Despite its public-school phrasing, Howe’s remark nicely captures the toll a decade of embattled politics had taken on the Conservative revolutionaries who set the stage, along with their divisive American counterparts, for the golden age of supply-side economics and unapologetic neoliberalism. In large part this stemmed from Thatcher’s unshakeable conviction that her rigid political and economic choices were beyond doubt. Several obituarists have noted Thatcher’s fascination with and practically quasi-religious attachment to a handful of political first principles. Her uncritical embrace of free markets came almost verbatim from the work of the Austrian economist F A Hayek and the conservative American economist Milton Friedman. In her infamous handbag she used to have a newspaper clipping that quoted Abraham Lincoln denying that one could “strengthen the weak by weakening the strong” or “bring about prosperity by discouraging thrift.”
From a biographer’s point of view, her fondness for these ideas can seem inevitable. (Her father was an industrious grocer in a provincial town and Thatcher ascended the ranks of the Conservative party long before it was disposed to the meretricious ‘compassion’ used to rebrand the post-Clinton Republican Party across the pond.) But it is also clear that Thatcher spoke for a sizeable portion of the British middle class. The political scholar Ewen Green has shown that her political instincts were solidly representative of a Conservative base that profoundly distrusted managed economies and the welfare state, and that even her most unpopular measure, the riot-provoking poll-tax, was widely supported by grassroots Conservatives rather than dreamed up in a moment of imperial hauteur.
Nobody familiar with the closure of British coal mines, or the fantastically large sums of wealth transferred during the privatization of British industry can view the Thatcher years dispassionately. Apologists argue, with some justification, that Thatcher was a necessary antidote to the unchecked power of the unions and the only viable alternative to spiralling inflation and economic stagnation. Others blame her for heartlessly dismantling whole communities in the pursuit of abstract economic ideals.

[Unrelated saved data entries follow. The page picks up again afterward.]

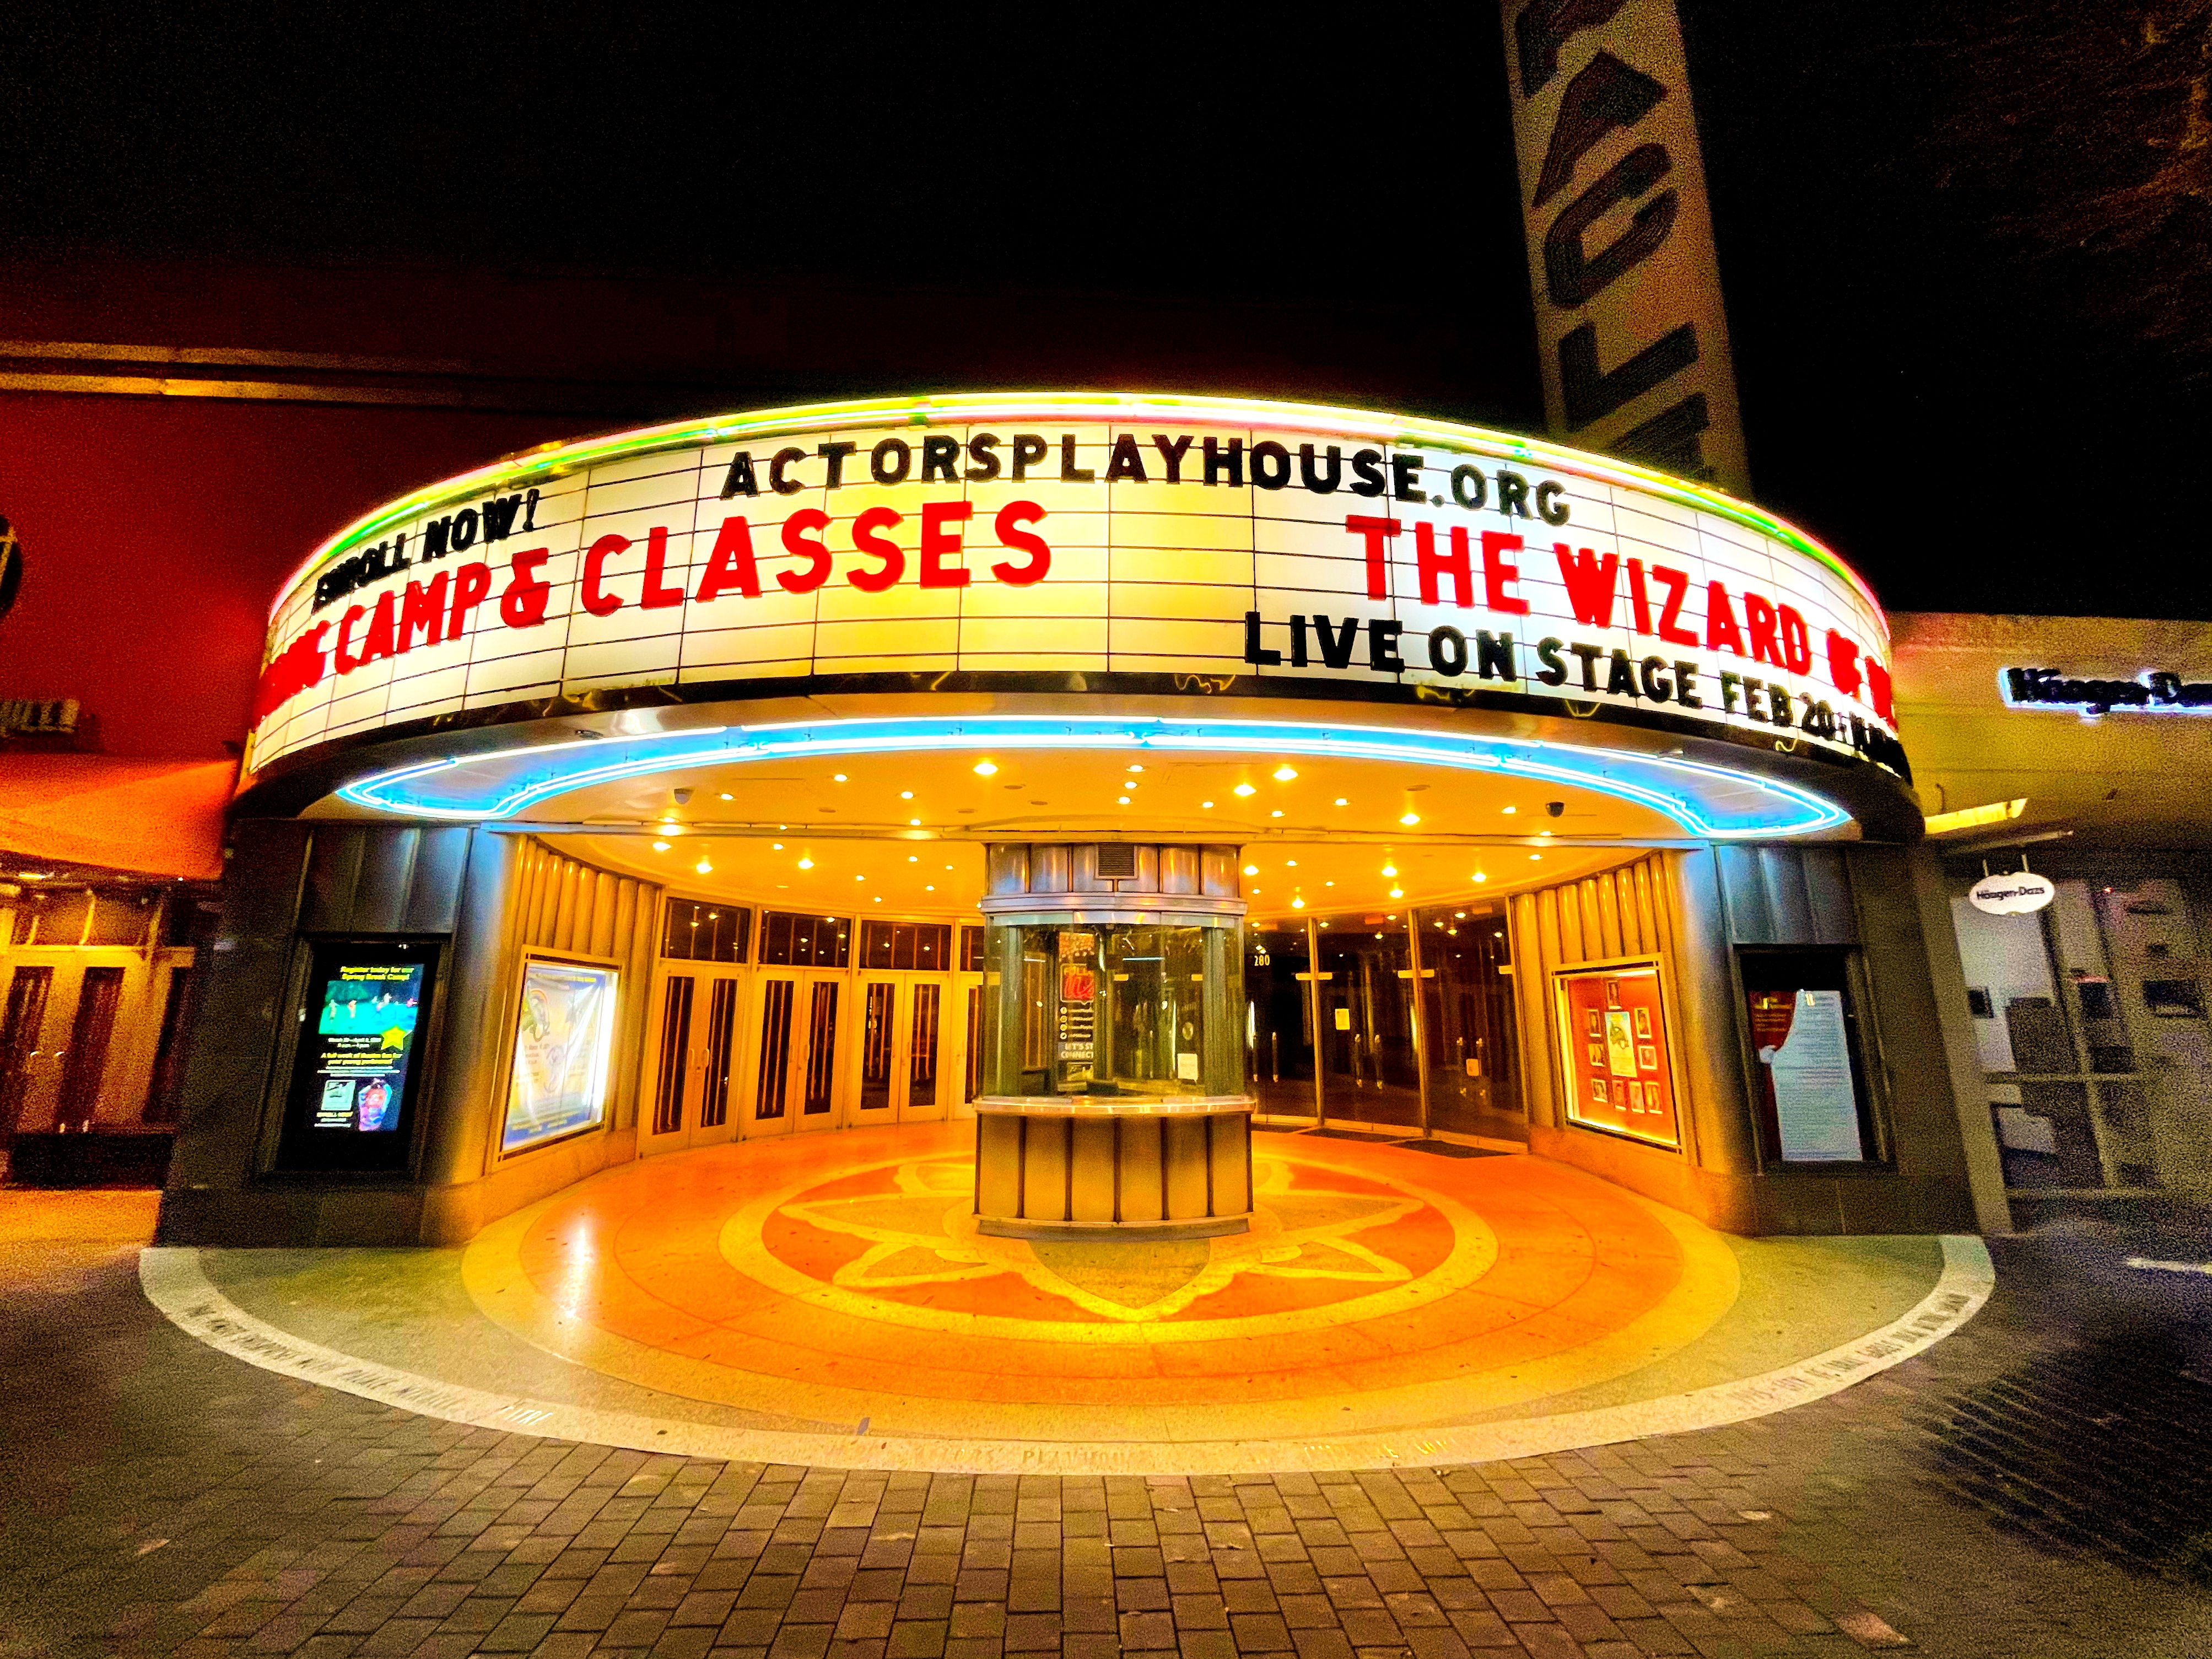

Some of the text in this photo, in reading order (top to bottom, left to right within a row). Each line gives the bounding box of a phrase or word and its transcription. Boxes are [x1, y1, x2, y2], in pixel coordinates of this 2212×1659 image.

[422, 488, 540, 561] NOW!
[719, 433, 1571, 526] ACTORSPLAYHOUSE.ORG
[335, 562, 491, 676] CAMP
[500, 548, 551, 628] &
[581, 500, 1051, 617] CLASSES
[1345, 514, 1531, 617] THE
[1552, 542, 1812, 677] WIZARD
[1245, 611, 1405, 672] LIVE
[1428, 625, 1517, 682] ON
[1535, 636, 1703, 709] STAGE
[1719, 670, 1793, 728] FEB
[1254, 955, 1270, 966] 280

Further afield her decisions were no less consequential. Her success in the Falklands War certainly influenced the calculations of the first President Bush when he launched the first Gulf War, and she was subsequently a high-profile booster for the 2003 invasion of Iraq. She notoriously invited Gen Pinochet to tea when he nearly fell into the hands of a crusading Spanish judge, and she refused to speak ill of General Suharto. The only thing stronger than her indomitable sense of being right seems to have been her capacity for forgetting when she was shamefully wrong. In 1987, for example, she declared that “the ANC is a typical terrorist organisation [and anyone] who thinks it is going to run the government in South Africa is living in cloud-cuckoo land.”

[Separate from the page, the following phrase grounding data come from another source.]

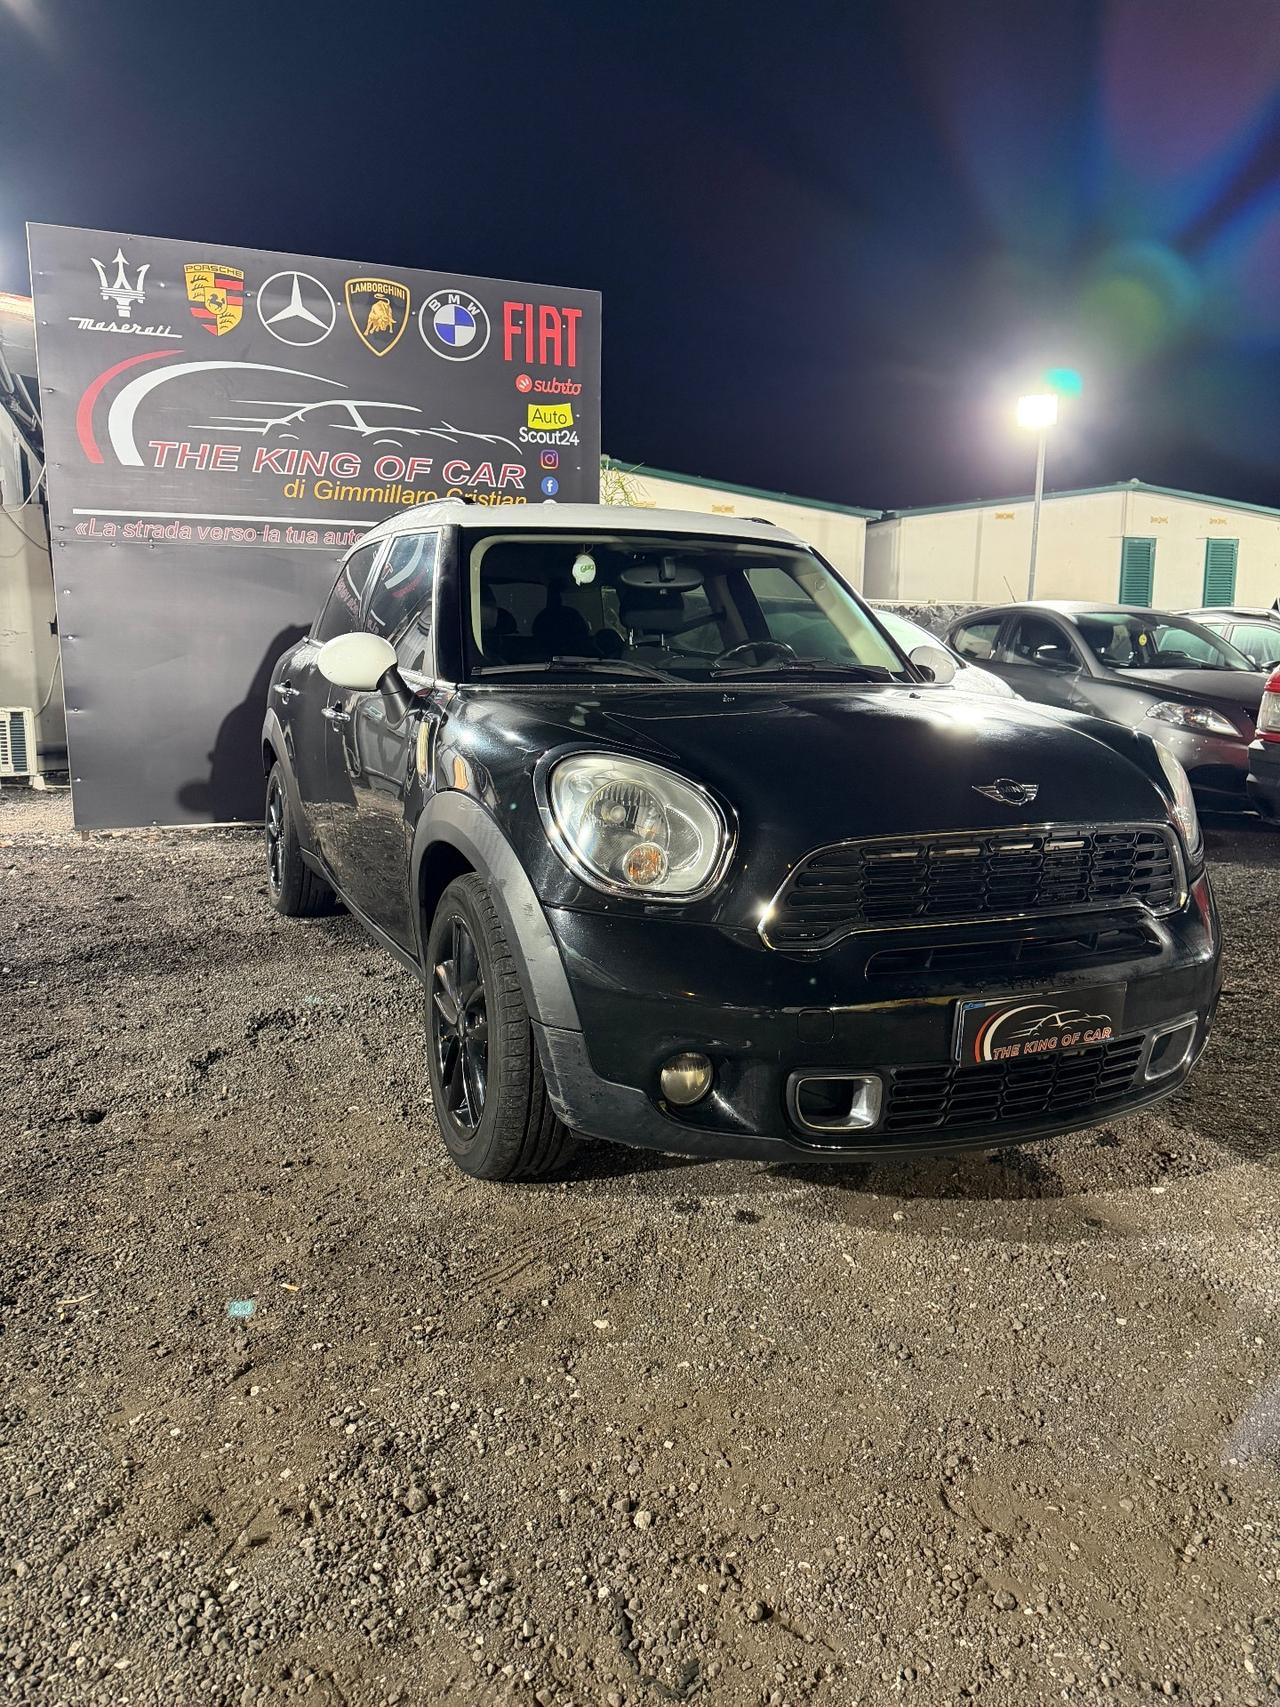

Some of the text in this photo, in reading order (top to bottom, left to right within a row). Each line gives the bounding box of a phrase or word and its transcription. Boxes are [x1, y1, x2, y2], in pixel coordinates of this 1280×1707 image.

[185, 264, 243, 277] PORSCHE
[350, 282, 406, 300] LAMBORGHINI
[428, 294, 480, 316] BMW
[504, 301, 582, 367] FIAT
[534, 377, 582, 396] subito
[532, 408, 567, 424] Auto
[519, 427, 580, 446] Scout24
[148, 440, 527, 489] THE KING OF CAR
[283, 479, 306, 498] di
[313, 479, 438, 506] Gimmillaro
[123, 520, 192, 539] strada
[197, 525, 257, 542] verso
[263, 525, 281, 543] la
[285, 526, 318, 544] tua
[993, 1044, 1021, 1060] THE
[1023, 1036, 1058, 1054] KING
[1061, 1032, 1080, 1046] OF
[1083, 1027, 1112, 1042] CAR

Ultimately Thatcherism was deeply compromised by its anti-democratic instincts. Its ideological origins were never as extreme as detractors like to claim, but Mrs Thatcher’s imperial manner often made them seem so. The level of vituperation in political commentary, both in Britain and the United States, peaked in the Thatcher years and has remained unacceptably high ever since.
It is always tempting to imagine a level of political civility that never really existed, but some sense of what was lost can be conveyed in a short exchange between the economist John Maynard Keynes and F A Hayek. En route to the Bretton Woods conference, Keynes read Hayek’s book, The Road to Serfdom and wrote the author to say that “morally and philosophically I find myself in agreement with virtually the whole of it; and not only in agreement with it, but in a deeply moved agreement.” But while Keynes liked the idea of free markets as a bulwark against the sort of tyranny Hayek had fled in Europe, he added, “You admit here and there that it is a question of knowing where to draw the line … But you give us no guidance whatever as to where to draw it.” Thatcher drew this line boldly, then arrogantly, and often erroneously, deep into neoliberal territory. One measure of her decided mixed legacy is the fumbling attempts of so many less confident contemporary politicians to readjust her boundaries.